La controllata di Finmeccanica vince una commessa da 100 milioni

Andrea Nativi

da Milano

Nuovo successo per Ansaldo Signal, gioiello tecnologico di Finmeccanica nel campo del trasporto ferroviario, che ha ottenuto negli Stati Uniti una commessa da cento milioni di dollari, per la realizzazione di un sofisticato sistema di gestione del traffico ferroviario.
Per la società, per la quale è in vista la quotazione in borsa, che sarà effettuata tra la fine di quest’anno e i primi mesi del 2006, si tratta di una conferma della posizione di leadership in un settore di nicchia, ma molto competitivo.

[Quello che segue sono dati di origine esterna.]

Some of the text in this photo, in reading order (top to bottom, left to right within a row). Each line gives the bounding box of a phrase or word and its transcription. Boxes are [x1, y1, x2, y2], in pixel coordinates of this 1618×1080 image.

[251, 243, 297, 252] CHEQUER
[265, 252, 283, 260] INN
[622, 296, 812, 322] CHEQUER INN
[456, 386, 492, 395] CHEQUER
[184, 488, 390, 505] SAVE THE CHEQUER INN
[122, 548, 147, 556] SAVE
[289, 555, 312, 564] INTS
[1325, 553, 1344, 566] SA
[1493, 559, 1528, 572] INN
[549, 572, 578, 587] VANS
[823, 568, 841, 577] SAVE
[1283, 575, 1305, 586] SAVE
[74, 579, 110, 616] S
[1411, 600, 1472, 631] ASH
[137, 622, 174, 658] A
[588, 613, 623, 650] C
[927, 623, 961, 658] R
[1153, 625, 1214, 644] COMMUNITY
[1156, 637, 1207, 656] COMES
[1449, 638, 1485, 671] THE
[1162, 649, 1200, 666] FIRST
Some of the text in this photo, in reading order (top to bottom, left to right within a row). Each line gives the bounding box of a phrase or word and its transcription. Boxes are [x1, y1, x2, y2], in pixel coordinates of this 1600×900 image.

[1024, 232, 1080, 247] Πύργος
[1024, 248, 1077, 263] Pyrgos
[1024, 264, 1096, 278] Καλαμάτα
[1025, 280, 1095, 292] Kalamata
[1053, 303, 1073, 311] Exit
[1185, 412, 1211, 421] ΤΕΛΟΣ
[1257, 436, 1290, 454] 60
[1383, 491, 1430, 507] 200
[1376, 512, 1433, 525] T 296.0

Ansaldo Signal, attraverso la controllata statunitense Union Switch & Signal Inc., è stata selezionata dalla Union Pacific Railroad, per la fornitura di un sistema di ottimizzazione della pianificazione del traffico ferroviario e di un correlato sistema di gestione computerizzato che consentirà di gestire il traffico lungo l’intera rete della società, che si estende per 53.000 km in tutto il Nord America.

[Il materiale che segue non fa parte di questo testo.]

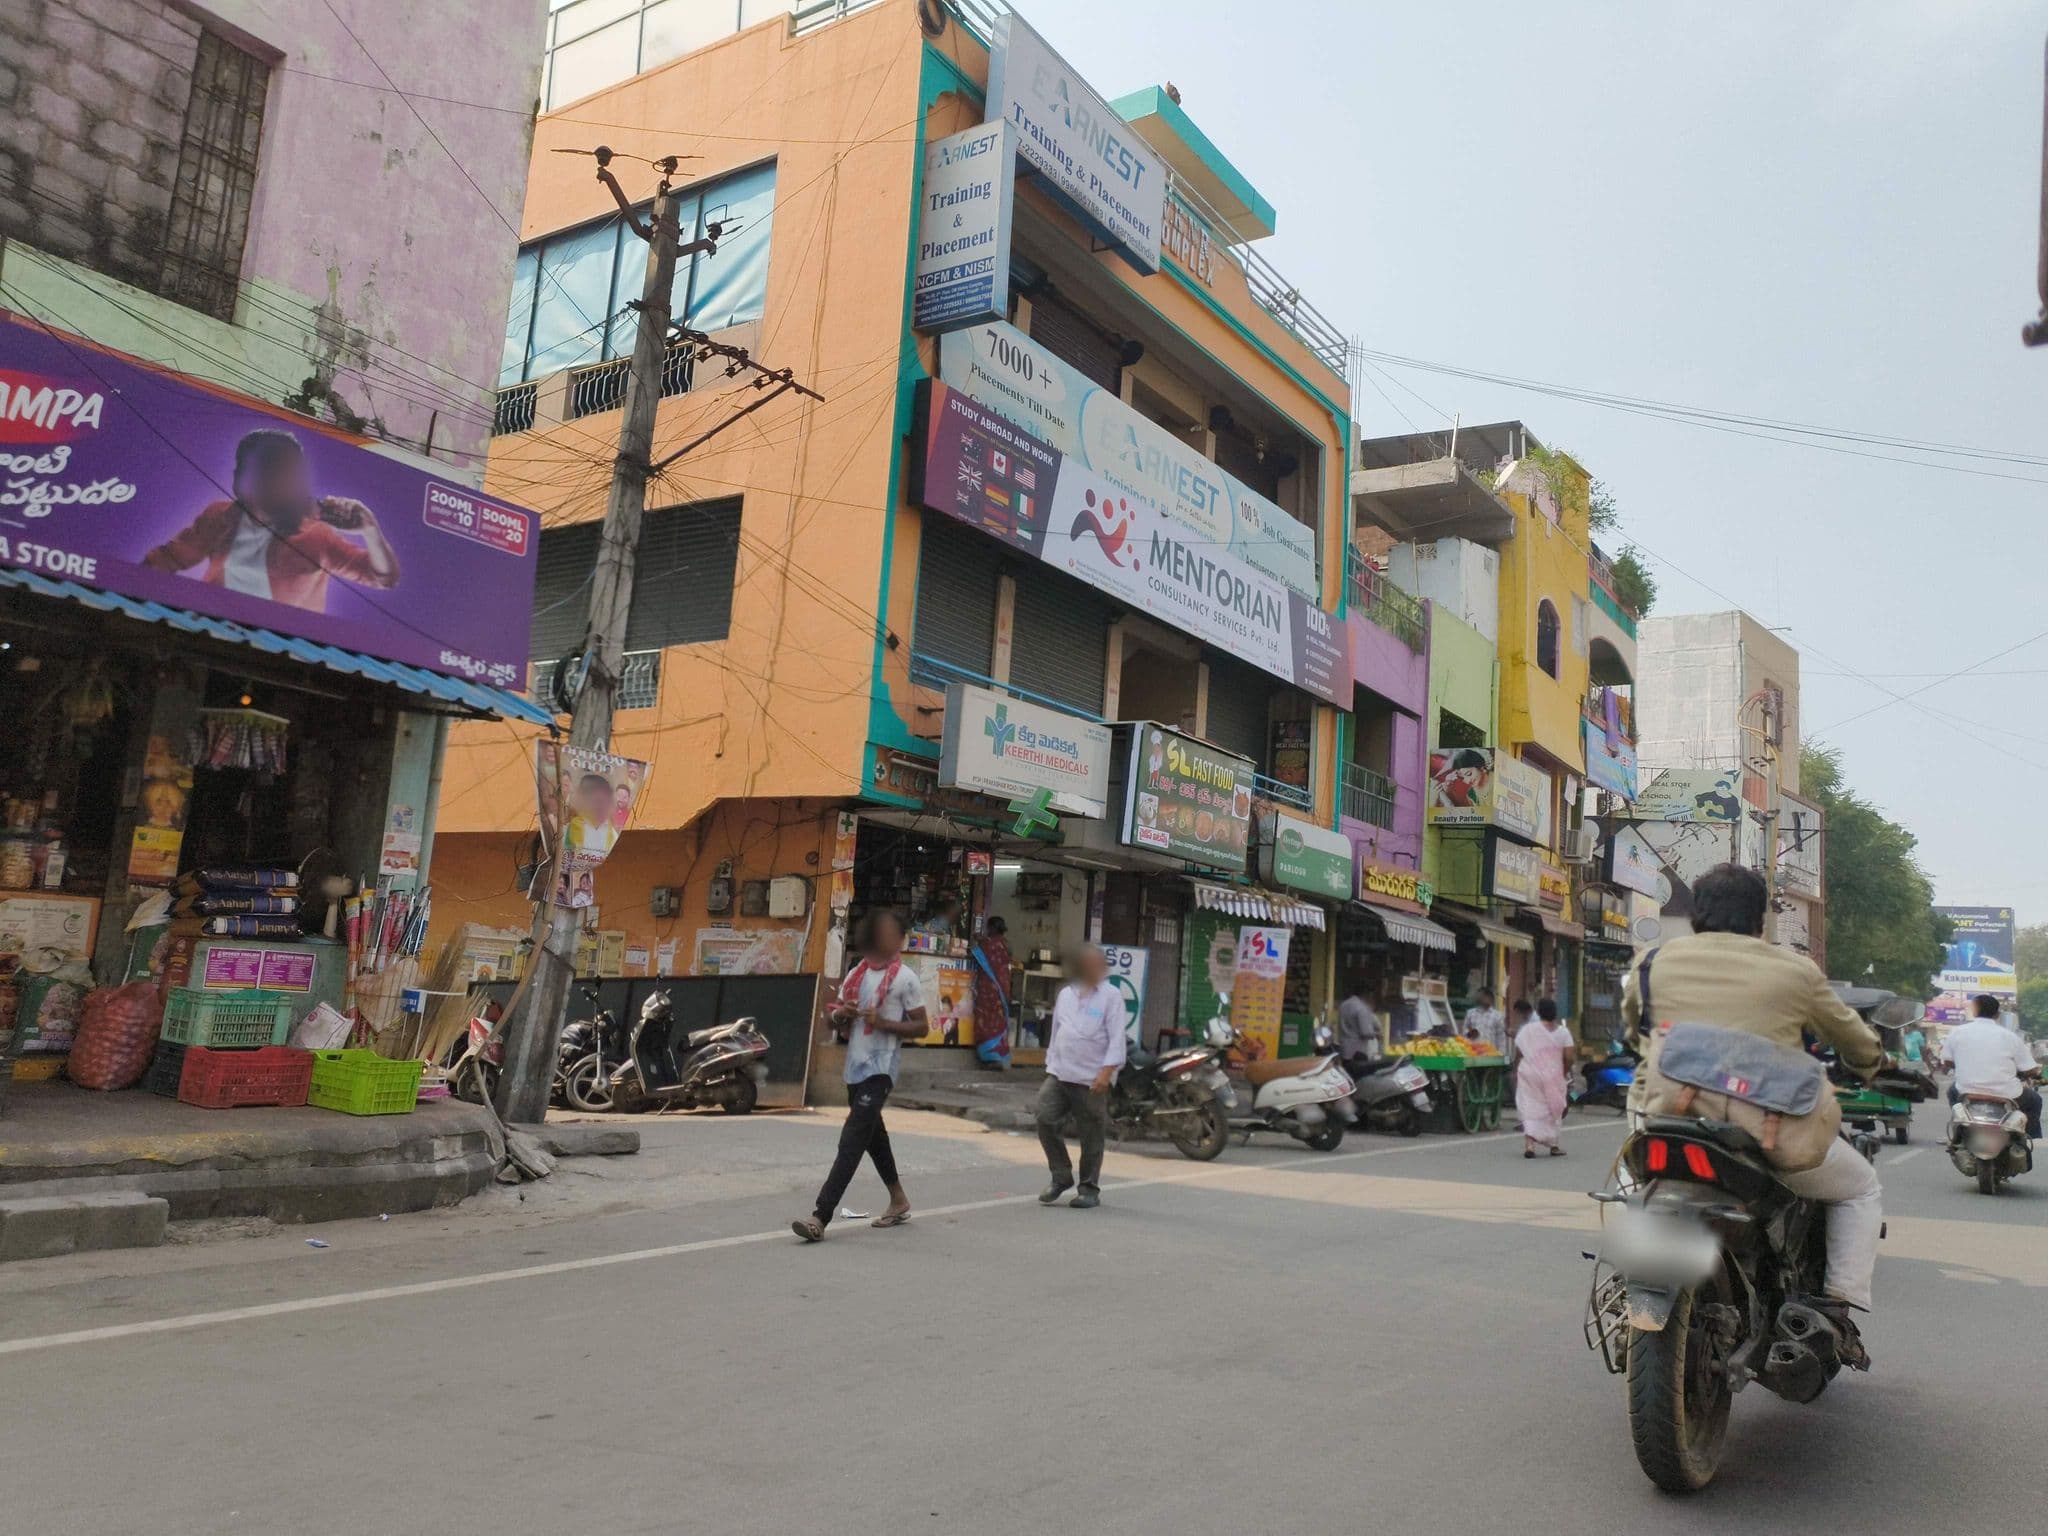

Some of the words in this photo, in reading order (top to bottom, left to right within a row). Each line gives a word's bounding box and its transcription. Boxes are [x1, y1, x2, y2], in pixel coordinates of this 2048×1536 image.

[1013, 102, 1074, 175] Training
[1076, 165, 1086, 183] &
[1089, 173, 1152, 240] Placement
[1017, 137, 1058, 179] 7-2229333
[929, 181, 992, 212] Training
[952, 213, 963, 229] &
[921, 226, 994, 261] Placement
[1161, 220, 1214, 288] OMPLEX
[917, 270, 950, 289] NCFM
[952, 267, 962, 279] &
[964, 258, 996, 277] NISM
[986, 329, 1033, 382] 7000
[1039, 368, 1052, 390] +
[970, 362, 1025, 405] Placements
[1026, 395, 1043, 416] Till
[1044, 408, 1066, 430] Date
[950, 399, 979, 422] STUDY
[980, 416, 1013, 442] ABROAD
[1013, 436, 1030, 453] AND
[1031, 445, 1054, 467] WORK
[430, 489, 476, 516] 200ML
[482, 507, 525, 533] 500ML
[1262, 521, 1276, 540] Job
[16, 541, 98, 580] STORE
[1149, 528, 1281, 635] MENTORIAN
[1148, 575, 1210, 617] CONSULTANCY
[1213, 610, 1247, 637] SERVICES
[1306, 604, 1332, 640] 100%
[1004, 743, 1044, 765] KEERTHI
[1045, 756, 1089, 776] MEDICALS
[1166, 738, 1191, 777] SL
[1191, 757, 1214, 784] FAST
[1213, 763, 1235, 791] FOOD
[1434, 815, 1458, 823] Beauty
[1459, 815, 1485, 823] Parlour
[1251, 930, 1279, 958] SL

Il sistema consente di individuare e programmare il percorso ideale di ciascun convoglio entro una specifica finestra temporale, rispondendo poi in tempo reale alle esigenze dei clienti. In questo modo la compagnia ferroviaria può sfruttare al massimo e nel modo più efficiente e flessibile la propria rete, in piena sicurezza, riducendo nel contempo i costi operativi.

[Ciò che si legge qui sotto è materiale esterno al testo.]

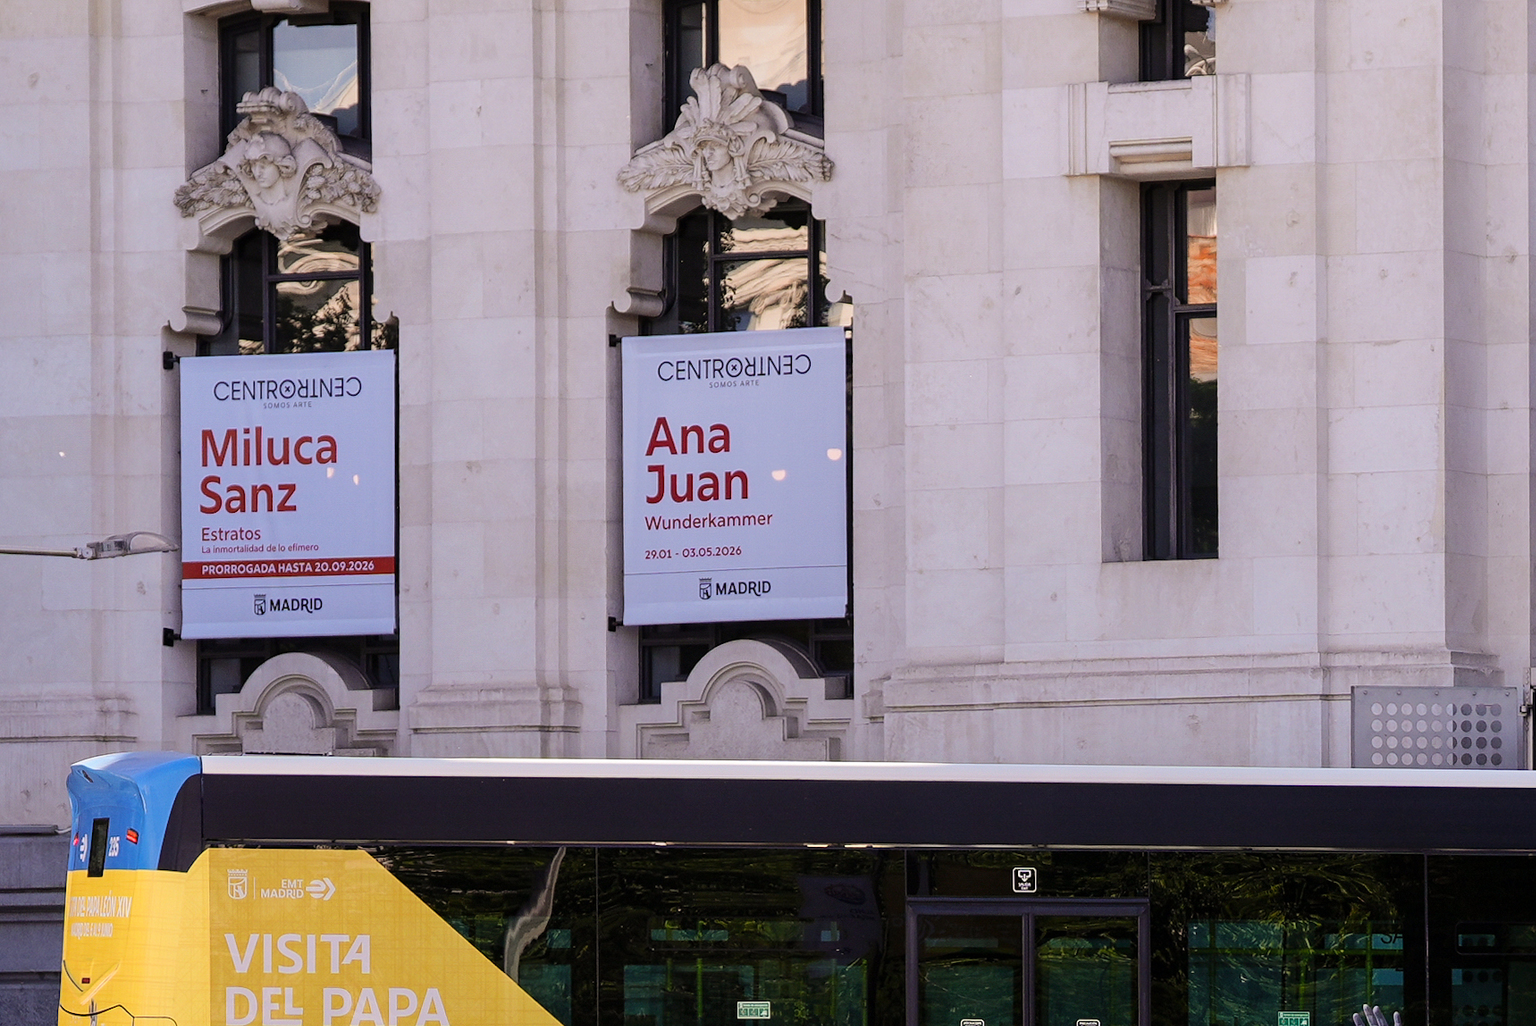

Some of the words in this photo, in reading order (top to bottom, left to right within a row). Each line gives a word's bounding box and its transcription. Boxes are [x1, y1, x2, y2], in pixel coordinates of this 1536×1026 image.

[740, 379, 759, 387] ARTE
[645, 416, 730, 456] Ana
[201, 426, 337, 467] Miluca
[645, 464, 749, 504] Juan
[200, 475, 297, 514] Sanz
[645, 513, 773, 530] Wunderkammer
[201, 527, 261, 541] Estratos
[213, 543, 264, 553] inmortalidad
[266, 543, 277, 552] de
[278, 543, 285, 552] lo
[287, 542, 319, 552] efímero
[645, 550, 672, 560] 29.01
[682, 546, 742, 558] 03.05.2026
[201, 563, 276, 575] PRORROGADA
[278, 562, 312, 573] HASTA
[314, 560, 375, 572] 20.09.2026
[715, 581, 771, 597] MADRID
[269, 597, 323, 613] MADRID
[281, 879, 304, 888] EMT
[260, 889, 304, 899] MADRID
[224, 933, 371, 974] VISITA
[225, 986, 304, 1026] DEL
[322, 987, 451, 1026] PAPA

Ansaldo, attraverso una rete di società controllate e sussidiarie, ha già il 15% del mercato europeo, il 12% di quello asiatico e il 25% di quello statunitense. Con circa 3.000 dipendenti Ansaldo Signal ha chiuso il bilancio 2004 con un valore della produzione di 539 milioni di euro e un risultato operativo di 56 milioni di euro, rispetto ai 44 milioni del 2003. La raccolta di nuovi ordini lo scorso anno è stata pari a 730 milioni di euro, e il portafoglio alla fine dell’anno sfiorava il miliardo di euro, pari a due anni di attività.
Finmeccanica quindi si aspetta di valorizzare al meglio questa società attraverso la Ipo, che può generare almeno 500 milioni di euro. Soldi in parte già “prenotati” per finanziare l’acquisizione di Datamat. la quotazione dovrebbe comunque mantenere la maggioranza in Finmeccanica.
Proprio per questo la società di Piazza Montegrappa continua a impegnarsi per garantire lo sviluppo di Ansaldo Signal, per esempio nel promettente mercato russo, nel quale si vorrebbe presto sbarcare in forze.